Abstract
Background:
Endoscopic sleeve gastroplasty (ESG) is a restrictive endoscopic bariatric procedure providing promising results. In this short case series, we analyze the technical aspects and short-term outcomes of the redo ESG.
Methods:
A retrospective analysis was done on a prospective database of all patients that were selected by a multidisciplinary team that underwent ESG between March 2017 and May 2019. Patients that underwent a redo ESG because of a progressive loss of satiety, weight regain, or insufficient weight loss due to high baseline body mass index were included. Percentage of excess weight loss (%EWL), percentage of total body weight loss (%TBWL), and the Bariatric Analysis and Reporting Outcome System (BAROS) questionnaire were evaluated during follow-up.
Results:
A total of 120 ESG procedures were performed with mean %EWL of 44.4% (± 19.5), mean %TBWL of 18.3% (± 6.7), and mean BAROS of 4.5 (± 1.7) at 12 months. Of those, four patients that underwent a redo ESG were identified. A total of three of them had a redo ESG after 12 months from the first ESG, whereas one of them had a redo ESG after 7 months. During the second procedure, old threads were removed with scissors and new stitches were positioned following a triangular pattern and avoiding overlap with the previous stitches. No adverse events were reported during the redo ESG. Six month follow-up was available for three patients, mean %EWL and %TBWL were 44.2% and 20.4%, respectively; BAROS questionnaire mean score was 6.3. One patient had only 1 month follow-up with a mean %EWL and %TBWL of 33.3% and 12.2%, respectively; BAROS questionnaire reported score was 6. All included patients reported excellent satiety feeling after redo ESG.
Conclusions:
The redo ESG short-term outcomes are completely satisfying in terms of safety and efficacy. The need to perform a redo ESG should not be considered as a failure of the previous procedure, but it can be considered as a second step of the endoscopic treatment strategy.

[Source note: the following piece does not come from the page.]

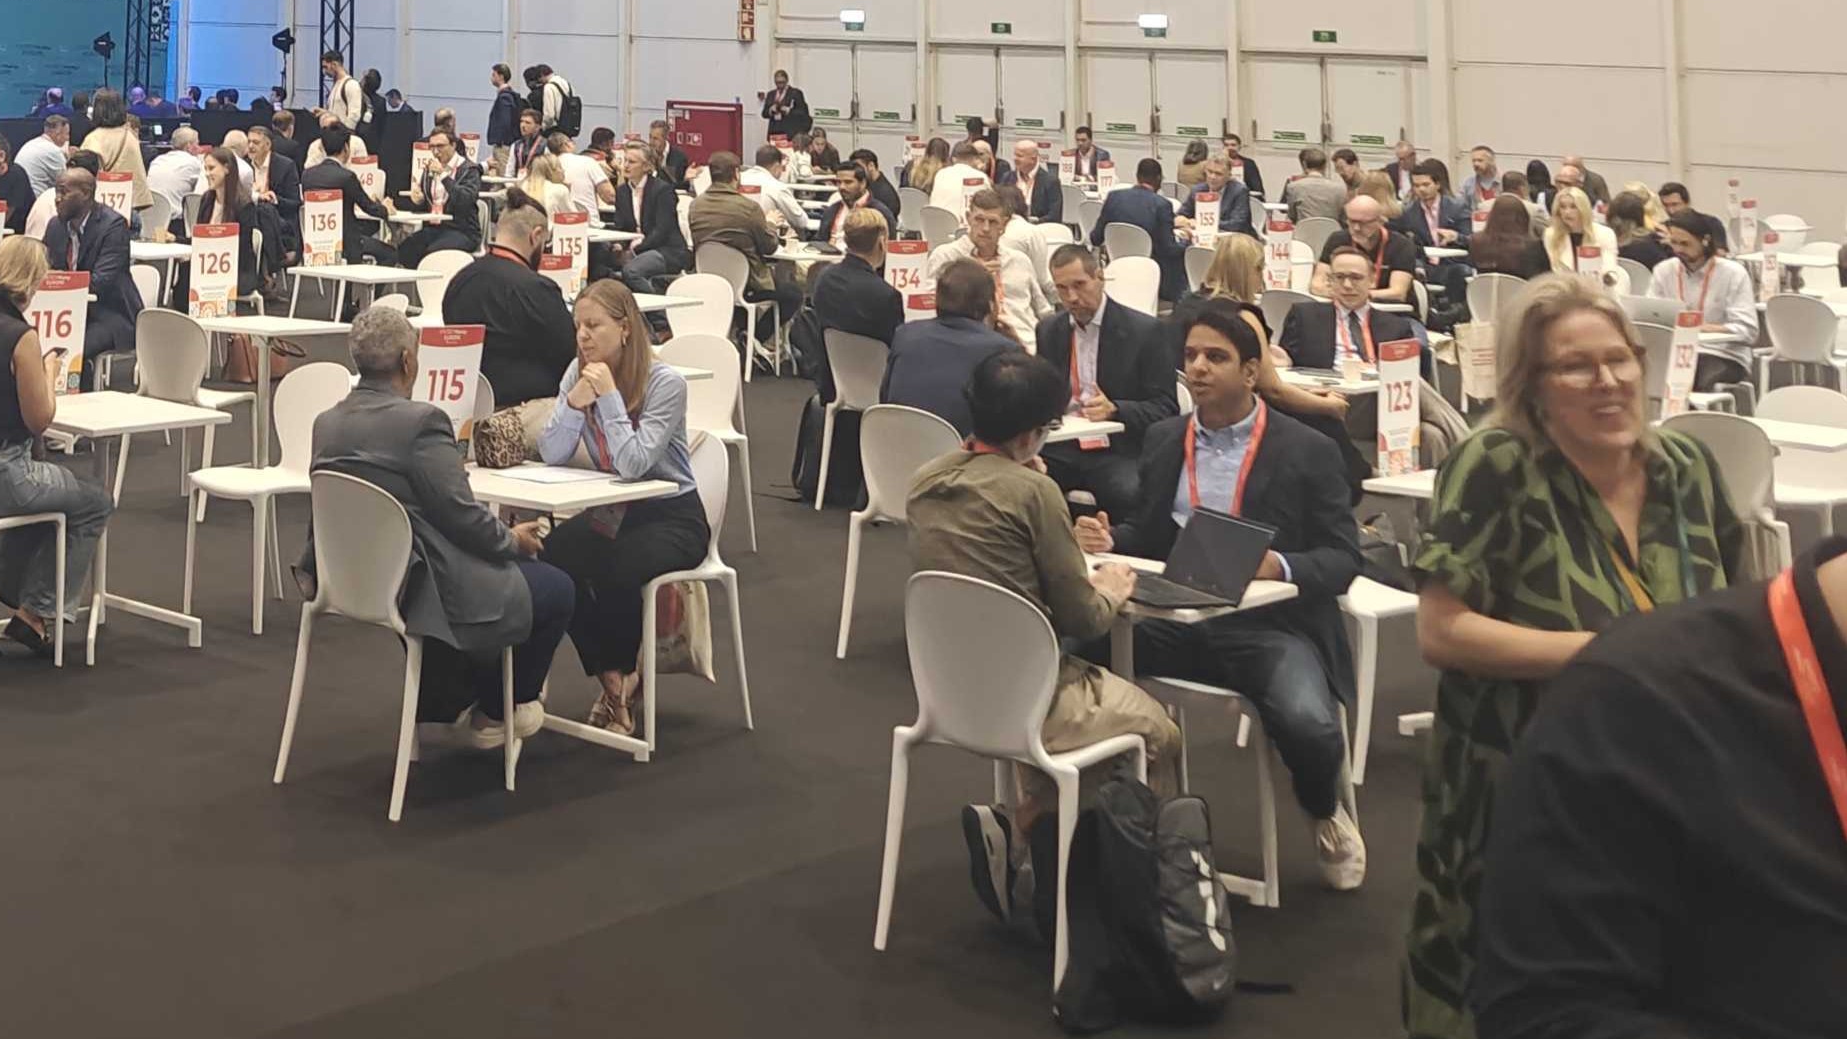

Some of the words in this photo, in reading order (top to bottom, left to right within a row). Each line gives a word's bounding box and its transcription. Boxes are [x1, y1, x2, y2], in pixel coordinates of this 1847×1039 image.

Keywords: bariatric endoscopy, endoscopic sleeve gastroplasty, obesity
Introduction
Obesity is a pathological clinical condition characterized by abnormal weight gain that represents a worldwide growing challenge for public health. It requires a multidisciplinary approach in both prevention and treatment. The latest clinical evidences suggest that several specialists, such as gastroenterologists, surgeons, psychiatrists, endocrinologists, and nutritionists, should collaborate with the aim of giving rise to a multidisciplinary obesity path.1 The specific type of treatment chosen for each obese patient must therefore be individualized and adapted to the comorbidity complex affecting the patient. Although bariatric surgical techniques have scientifically proven efficacy and safety, they are not suitable as a therapeutic strategy for all patients suffering from obesity. Personal limitations, lack of precise indications for surgical treatment, comorbidities associated with obesity, excessive perioperative risk, contraindications to surgery, and patient’s refusal of surgery are the main limitations of bariatric surgery. Therefore, a promising alternative in these cases is bariatric endoscopy. Endoscopic sleeve gastroplasty (ESG) is a restrictive endoscopic bariatric procedure that provides a gastric tubulization obtained by placing full-thickness stitches. It has a double mechanism of action: the first is restriction of the gastric cavity and the second is alteration of gastric peristalsis. The result is a long-lasting feeling of satiety.2 In recent years, this technique has provided excellent results: it proved to be safe (1% complication rate), quick, and statistically effective in ensuring weight loss and comorbidities improvement.3–6 The reported mean percentage of total body weight loss (%TBWL) is 17.2% at 12 months and 20.2% at 24 months, on average (Table 1).2,3,6–13 If weight resumption after surgery is considered a real failure of the technique, the need to perform a redo ESG in selected patients should not be considered as a failure of the previous procedure. ESG is repeatable per definition, likewise for every endoscopic procedure. A redo ESG can then be considered as a second step of the endoscopic treatment strategy. In this short case series, we analyze the technical aspects and short-term outcomes of the redo ESG.
Table 1.
Outcomes of endoscopic sleeve gastroplasty.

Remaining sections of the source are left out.